● **What this task involves**: Here are records with pictures in them. Copy all of them exactly and leave the pictures out.

[Material for the task Boundary: Start]

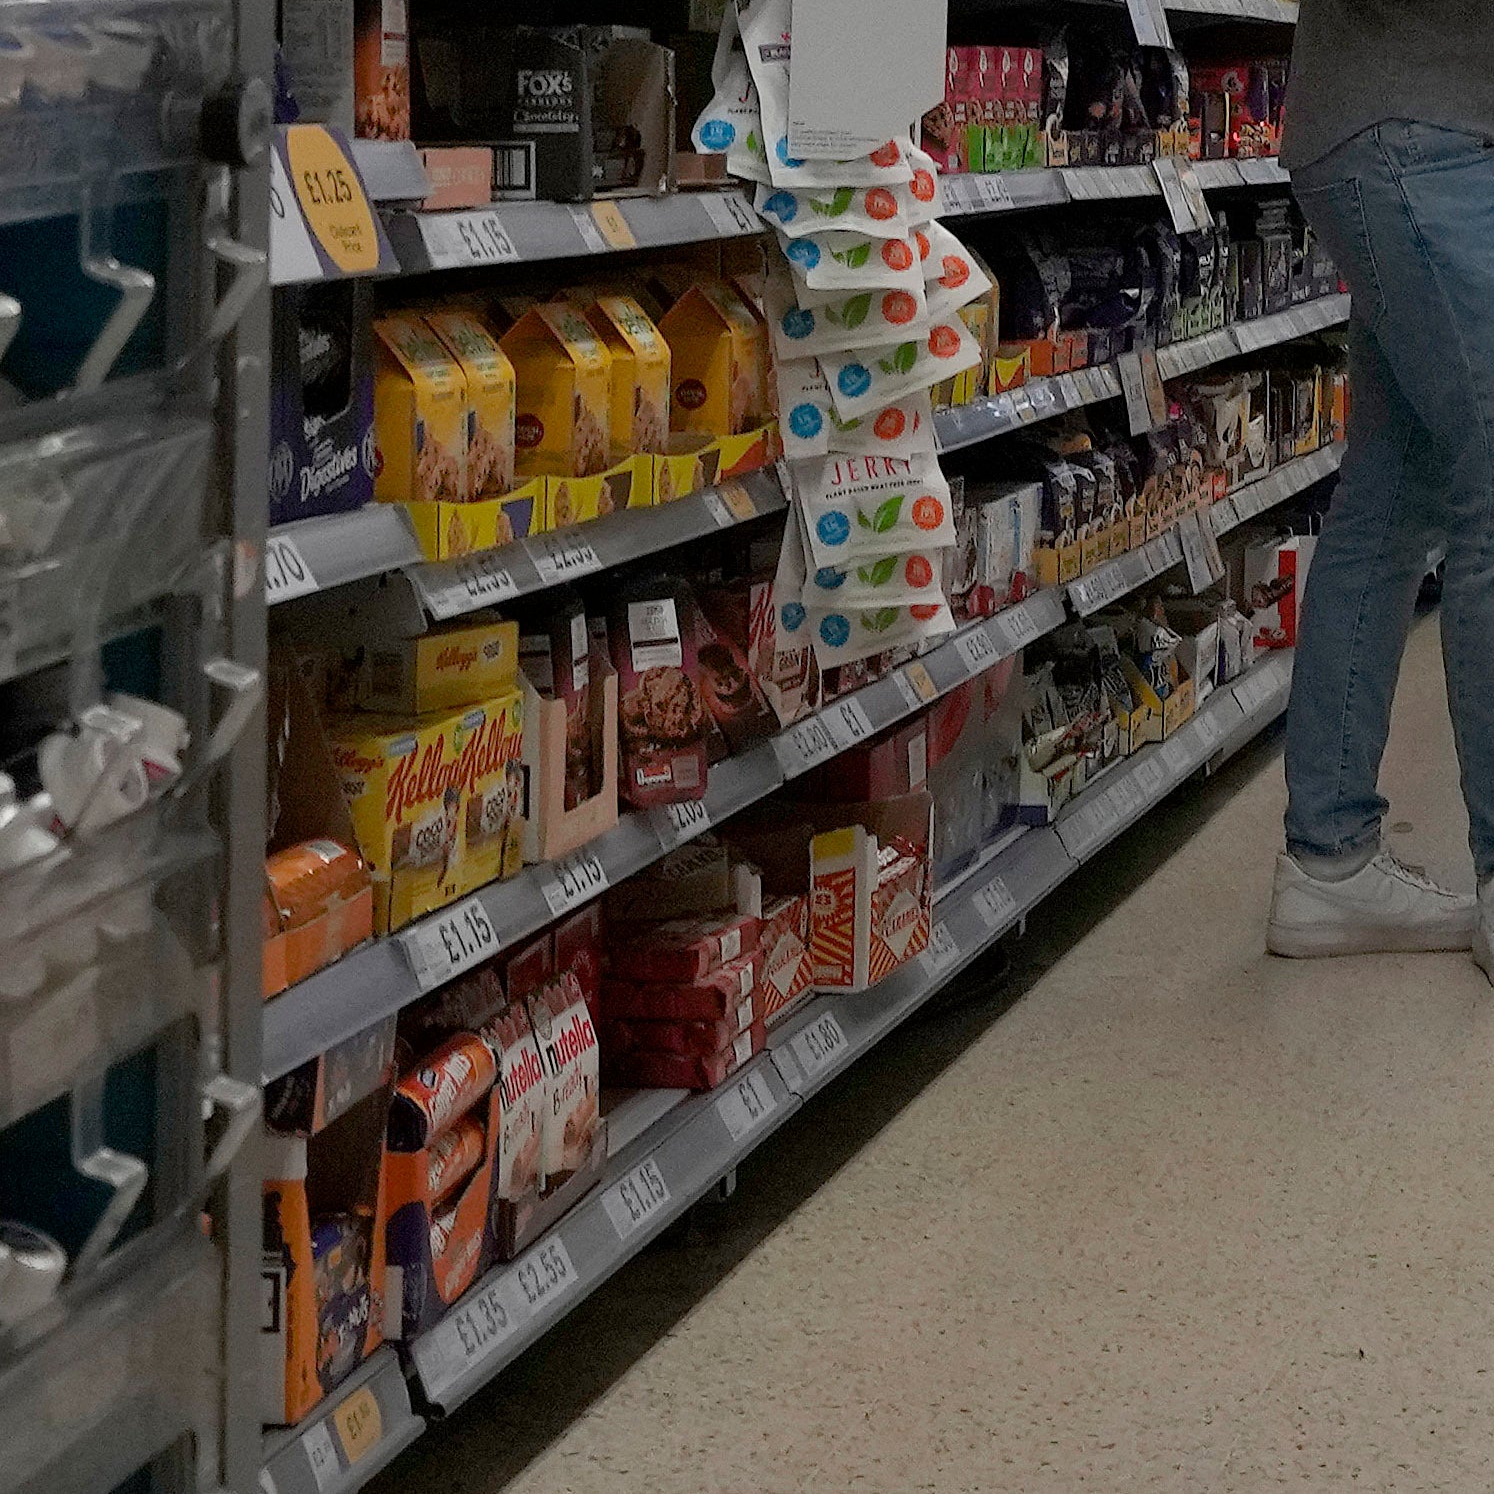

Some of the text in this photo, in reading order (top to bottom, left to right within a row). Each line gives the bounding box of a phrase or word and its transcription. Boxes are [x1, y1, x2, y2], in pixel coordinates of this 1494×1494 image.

[304, 169, 353, 204] £1.25
[831, 456, 911, 485] JERKY
[439, 908, 493, 963] £1.15
[546, 1014, 597, 1075] nutella
[805, 1020, 841, 1063] £1.80
[499, 1047, 543, 1112] nutella
[741, 1080, 763, 1119] £1
[620, 1164, 666, 1222] £1.15
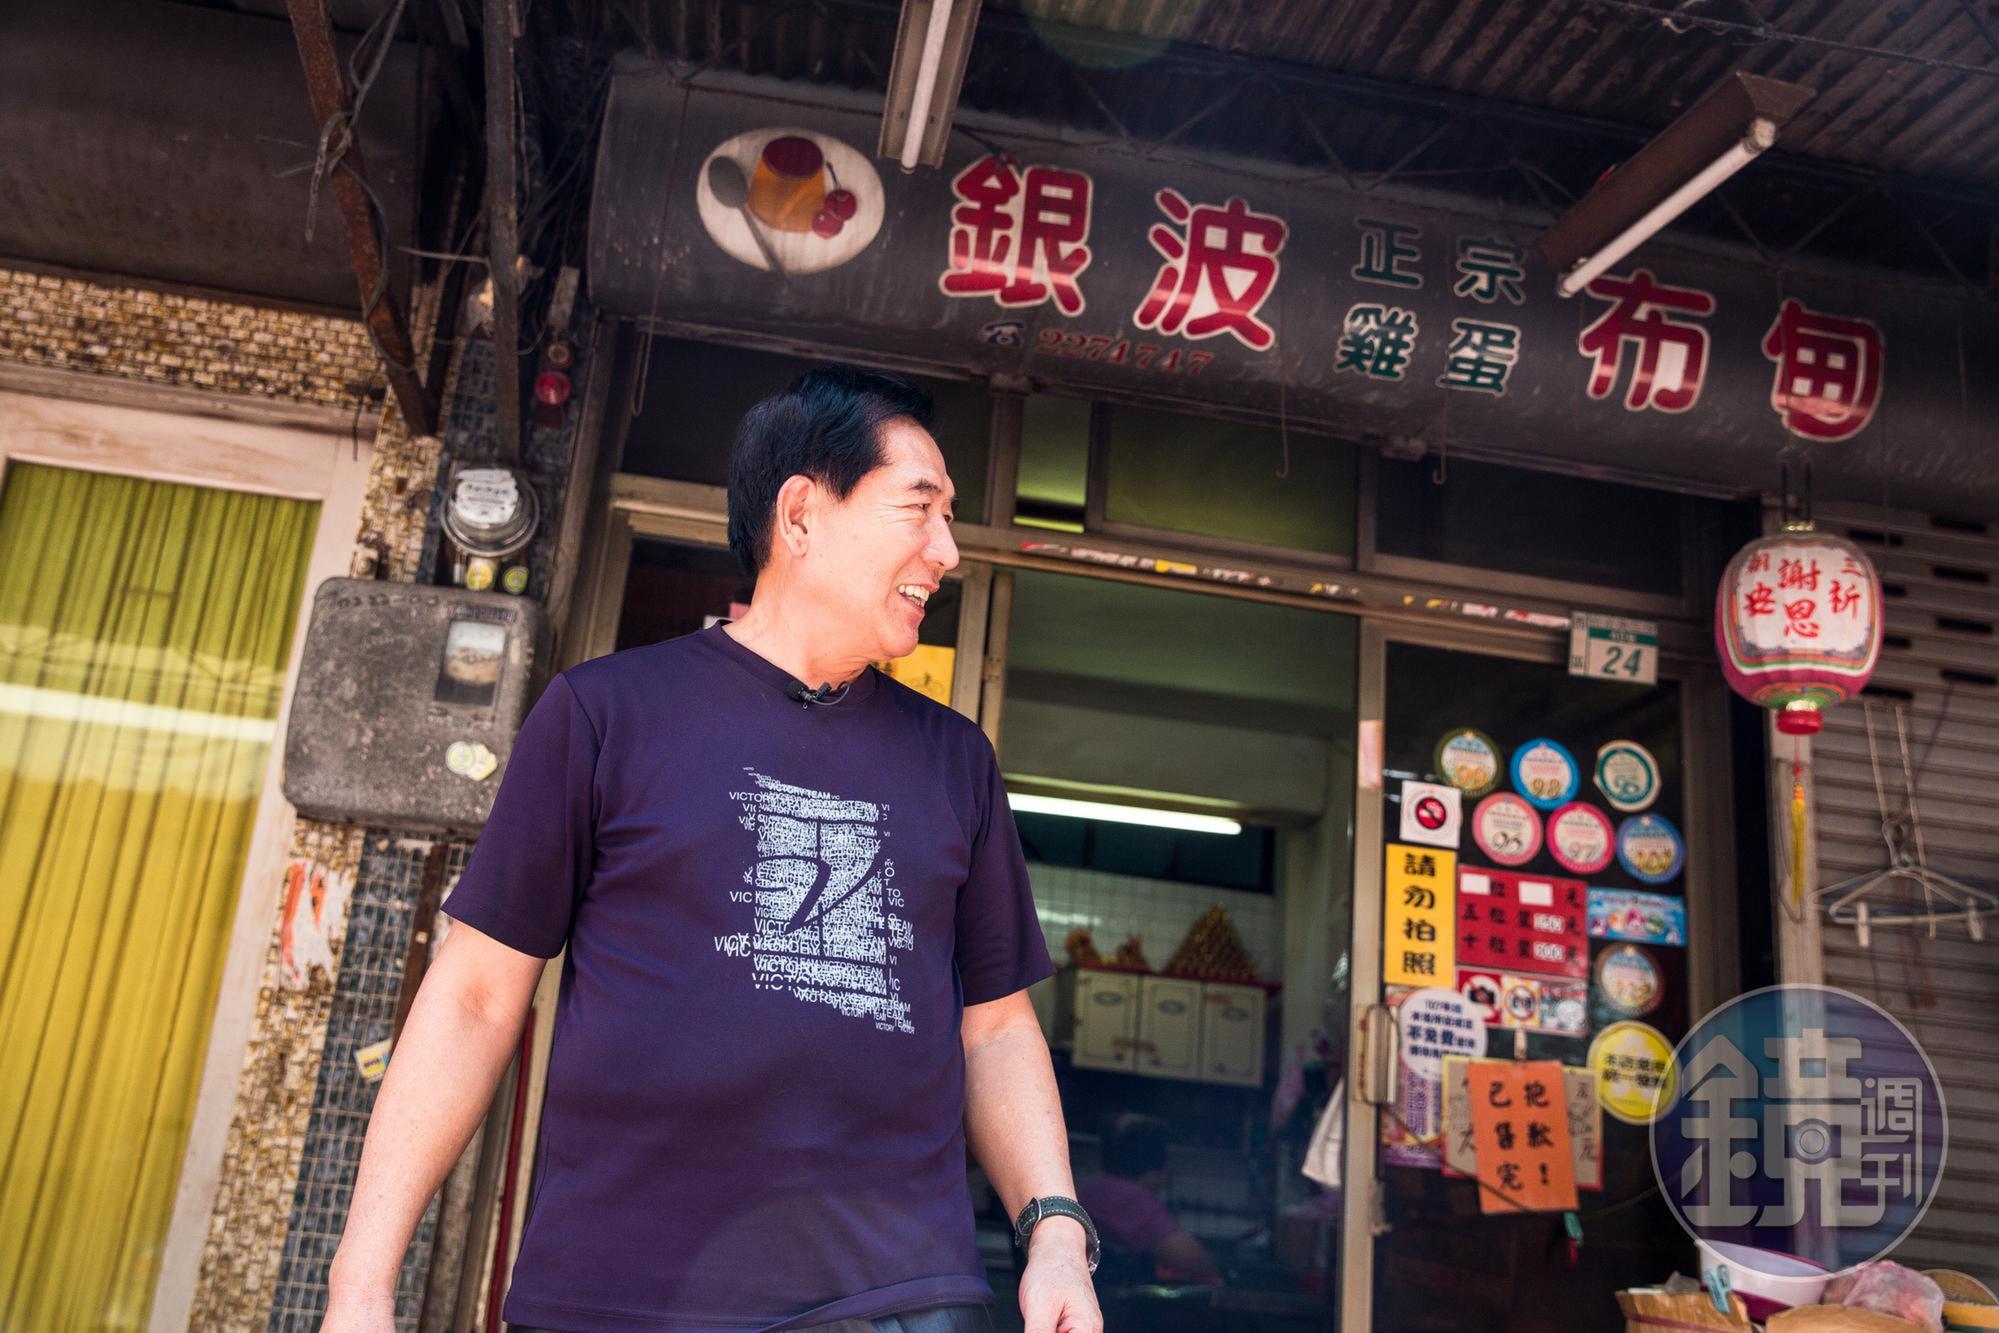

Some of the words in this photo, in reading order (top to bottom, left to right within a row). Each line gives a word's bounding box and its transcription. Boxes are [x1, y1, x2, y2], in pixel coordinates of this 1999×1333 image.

[938, 155, 1290, 351] 銀波
[1350, 217, 1527, 304] 正宗
[1036, 328, 1215, 377] 2274747
[1333, 302, 1521, 396] 雞蛋
[1578, 270, 1885, 442] 布甸
[1601, 645, 1642, 677] 24
[1403, 852, 1436, 977] 請勿拍照

[Material for the task Boundary: End]

● **Response**:
Some of the text in this photo, in reading order (top to bottom, left to right within a row). Each line gives the bounding box of a phrase or word and its transcription. Boxes are [x1, y1, x2, y2], in pixel coordinates of this 1494×1494 image.

[304, 169, 353, 204] £1.25
[831, 456, 911, 485] JERKY
[439, 908, 493, 963] £1.15
[546, 1014, 597, 1075] nutella
[805, 1020, 841, 1063] £1.80
[499, 1047, 543, 1112] nutella
[741, 1080, 763, 1119] £1
[620, 1164, 666, 1222] £1.15

Some of the words in this photo, in reading order (top to bottom, left to right within a row). Each line gives a word's bounding box and its transcription. Boxes are [x1, y1, x2, y2], in pixel coordinates of this 1999×1333 image.

[938, 155, 1290, 351] 銀波
[1350, 217, 1527, 304] 正宗
[1036, 328, 1215, 377] 2274747
[1333, 302, 1521, 396] 雞蛋
[1578, 270, 1885, 442] 布甸
[1601, 645, 1642, 677] 24
[1403, 852, 1436, 977] 請勿拍照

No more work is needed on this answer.